Опять.
— Открывайте!
Исаак встал и подошел к двери. Дерево жило, оно еще гудело от ударов, которые только что ему достались. Исаак оглянулся на лица, обнаженные страхом, повернул замок и открыл дверь.
Как и ожидалось, за ней стоял штурмовик. В форме.
— Ни за что.
Такова была первая реакция Макса.
Он вцепился в руки матери и Сары — ближайшей к нему кузины.
— Я не поеду. Если мы не можем уехать все, то один я не поеду.
Макс лгал.
Когда остальное семейство вытолкало его, в нем, как непристойная мысль, пробилось облегчение. То, чего он чувствовать не хотел, но все равно чувствовал, да так остро, что хотелось сблевать. Как он мог? Как мог?
Но он смог.
— Ничего не бери, — сказал ему Вальтер. — Только, что на тебе. Остальное я тебе дам.
— Макс. — Это мать.
Из ящика стола она вынула ветхий клочок бумаги и сунула ему в карман куртки.
— Если вдруг… — Она еще раз напоследок обняла его, за локти. — Может, это твоя последняя надежда.
Макс заглянул в ее постаревшее лицо и поцеловал крепко-крепко, в губы.
— Пошли. — Вальтер потянул его, и вся родня стала прощаться и совать ему деньги и какие-то ценности. — Там полный хаос, и это как раз то, что надо.
Они вышли, не оглянувшись.
Это его терзало.
Если б он только обернулся, бросил последний взгляд на свою семью, выходя из квартиры. Может, тогда совесть не давила бы так. Без последнего «прощай».
Без последней сцепки взглядов.
Ничего, кроме ушедшести.
Следующие два года он отсиживался в убежище, в пустой кладовке. Там, где прежде работал Вальтер. Еды было мало. Зато полно страхов. Оставшиеся в округе евреи с деньгами эмигрировали. Евреи без денег тоже пробовали, но без особого успеха. Семья Макса попадала в последнюю категорию. Вальтер время от времени проведывал их, стараясь не привлекать лишнего внимания. Но однажды дверь ему открыл незнакомый человек.
Когда Макс услышал эту новость, все его тело как будто смяли в комок — словно страницу, измаранную ошибками. Как мусор.

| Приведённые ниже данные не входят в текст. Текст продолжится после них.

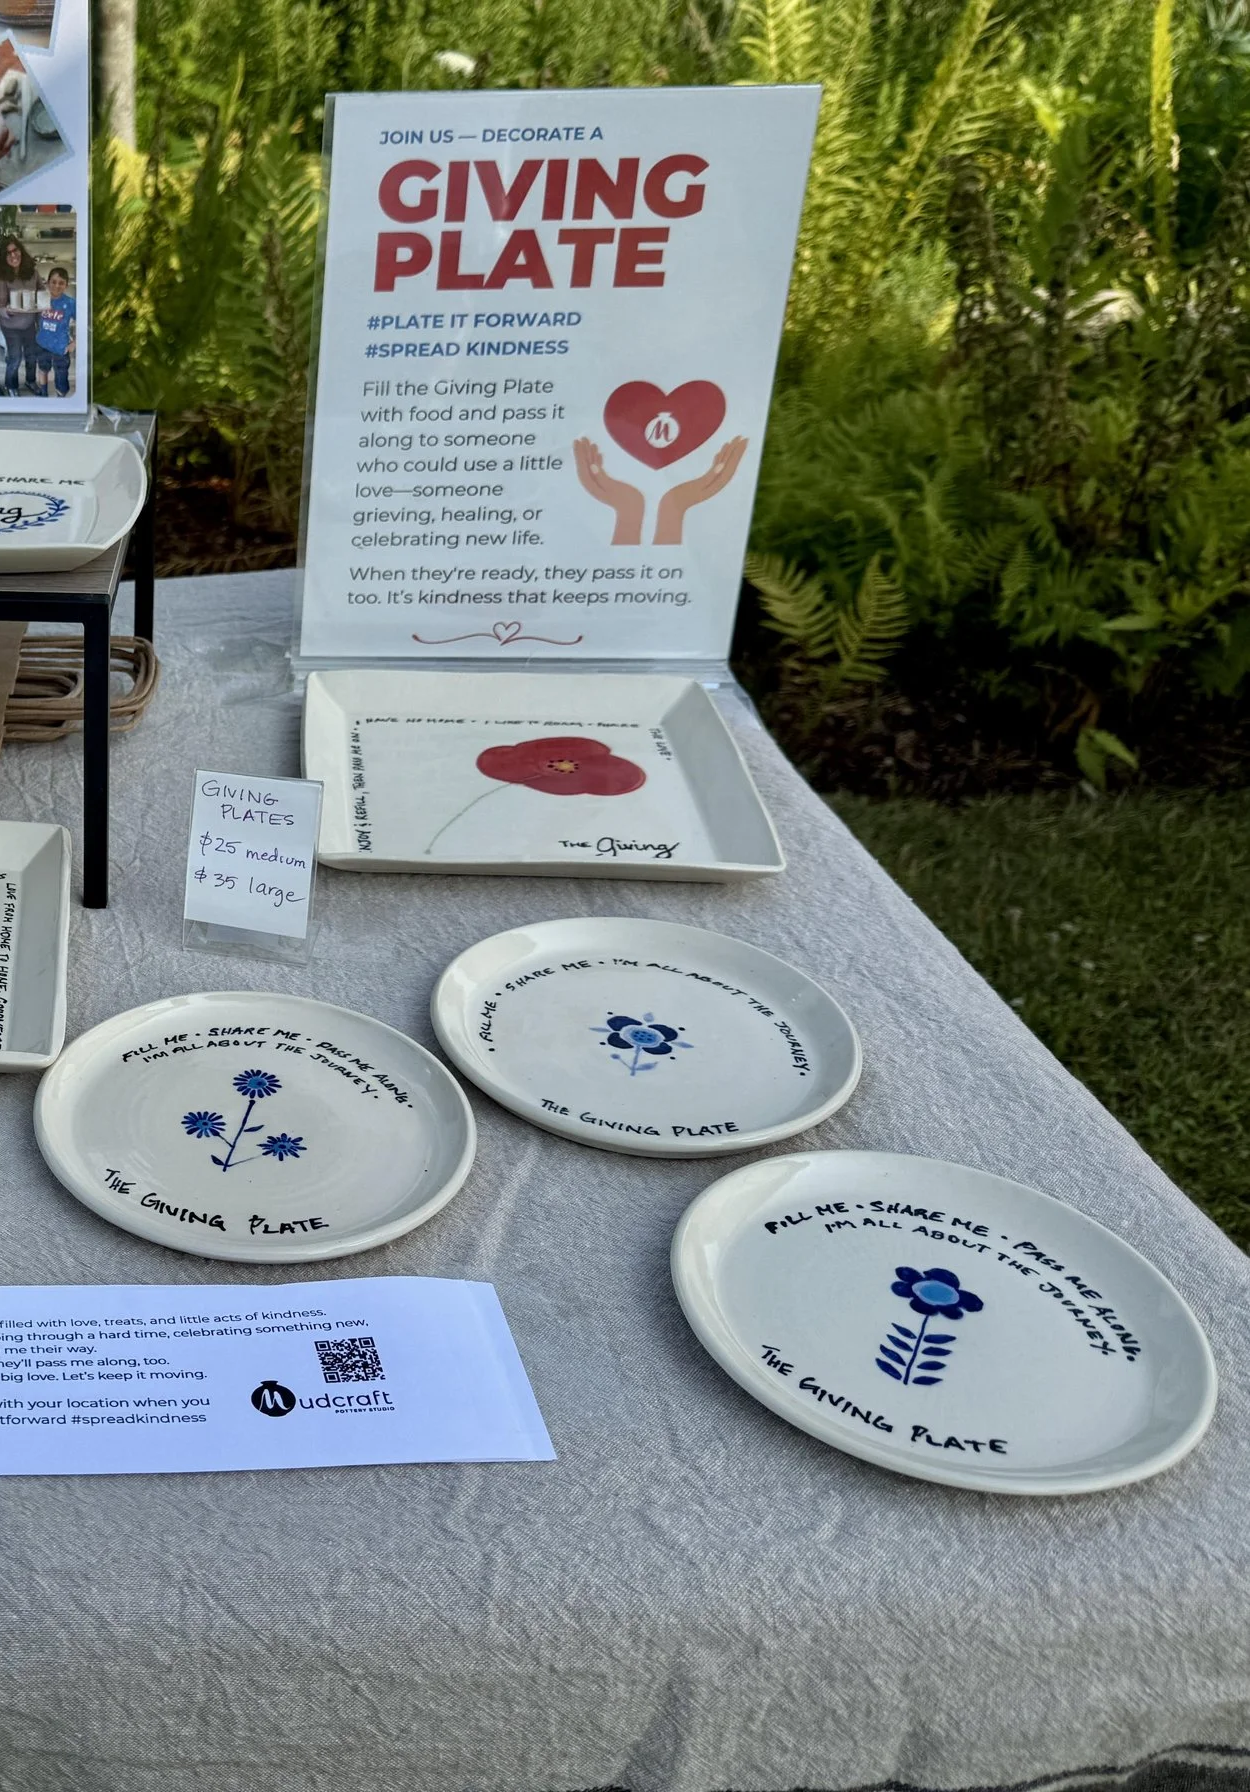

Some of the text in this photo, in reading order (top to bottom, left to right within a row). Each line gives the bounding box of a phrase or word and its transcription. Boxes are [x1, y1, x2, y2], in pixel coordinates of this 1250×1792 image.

[380, 127, 603, 145] JOIN US DECORATE A
[378, 153, 709, 223] GIVING
[373, 227, 670, 293] PLATE
[367, 312, 581, 330] #PLATE IT FORWARD
[365, 340, 568, 358] #SPREAD KINDNESS
[363, 379, 553, 398] Fill the Giving Plate
[361, 404, 564, 424] with food and pass it
[359, 433, 536, 451] along to someone
[357, 455, 563, 472] who could use a little
[353, 506, 542, 526] grieving, healing, or
[351, 530, 543, 549] celebrating new life.
[350, 565, 683, 583] When they're ready, they pass it on
[348, 589, 691, 606] too. It's kindness that keeps moving.
[202, 780, 278, 809] GIVING
[221, 804, 294, 825] PLATES
[200, 831, 305, 869] $25 medium
[558, 839, 591, 850] THE
[249, 877, 305, 907] large
[121, 1027, 301, 1063] FILL ME SHARE ME
[542, 1099, 739, 1137] THE GIVING PLATE
[105, 1169, 329, 1235] THE GIVING PLATE
[27, 1401, 62, 1410] your
[67, 1398, 129, 1408] location
[133, 1397, 177, 1407] when
[181, 1398, 210, 1408] you
[258, 1388, 393, 1412] Mudcraft
[761, 1345, 1007, 1454] THE GIVING PLATE
[71, 1413, 206, 1426] #spreadkindness

И все же день за днем он старался развернуть и расправить себя, с отвращением и с благодарностью. Смятый, но почему-то не разорванный в клочки.

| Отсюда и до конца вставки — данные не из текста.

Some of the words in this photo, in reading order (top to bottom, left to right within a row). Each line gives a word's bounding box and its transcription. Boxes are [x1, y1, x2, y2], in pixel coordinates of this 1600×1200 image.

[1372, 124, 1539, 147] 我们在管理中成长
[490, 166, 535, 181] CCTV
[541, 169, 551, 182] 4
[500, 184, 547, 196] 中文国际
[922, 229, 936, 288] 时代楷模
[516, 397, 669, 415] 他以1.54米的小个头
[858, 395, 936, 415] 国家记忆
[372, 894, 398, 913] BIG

В середине 39-го, после шести с лишним месяцев кладовки, решили, что дальше нужно действовать иначе. Изучили бумажку, которую Макс получил, когда дезертировал. Именно так — дезертировал, не просто бежал. Так он на это смотрел сквозь абсурдность собственного облегчения. Мы уже знаем, что было написано на той бумажке:
— Дело все хуже, — сказал Максу Вальтер, — теперь нас могут накрыть в любую минуту. — Много сутулились в темноте. — Неизвестно, что случится. Меня могут выследить. Надо тебе, наверное, разыскать то место… Здесь я боюсь у кого-нибудь просить помощи. Могут выдать. — Оставался только один выход. — Я поеду туда и найду этого мужика. Если он стал фашистом — что очень может быть, — развернусь и уйду. По крайней мере, будем знать, richtig?
Макс отдал Вальтеру на поездку все деньги до последнего пфеннига, и через несколько дней, когда тот вернулся, они обнялись, а потом Макс затаил дыхание.
— Ну?
Вальтер кивнул:
— Мужик хороший. До сих пор играет на аккордеоне, про который тебе рассказывала мать, — твоего отца. Он не в партии. Дал мне денег. — На том этапе Ганс Хуберман был простым списком свойств. — Довольно бедный, женат, и у них ребенок.
В Максе зажегся еще больший интерес:
— Сколько?
— Десять. Не бывает все идеально.
— Да. У детей голодные рты.
— Нам и так уже повезло.
Посидели в молчании. Его нарушил Макс:
— Наверное, он меня уже ненавидит, а?
— Не думаю. Он дал мне денег, так? Сказал, уговор есть уговор.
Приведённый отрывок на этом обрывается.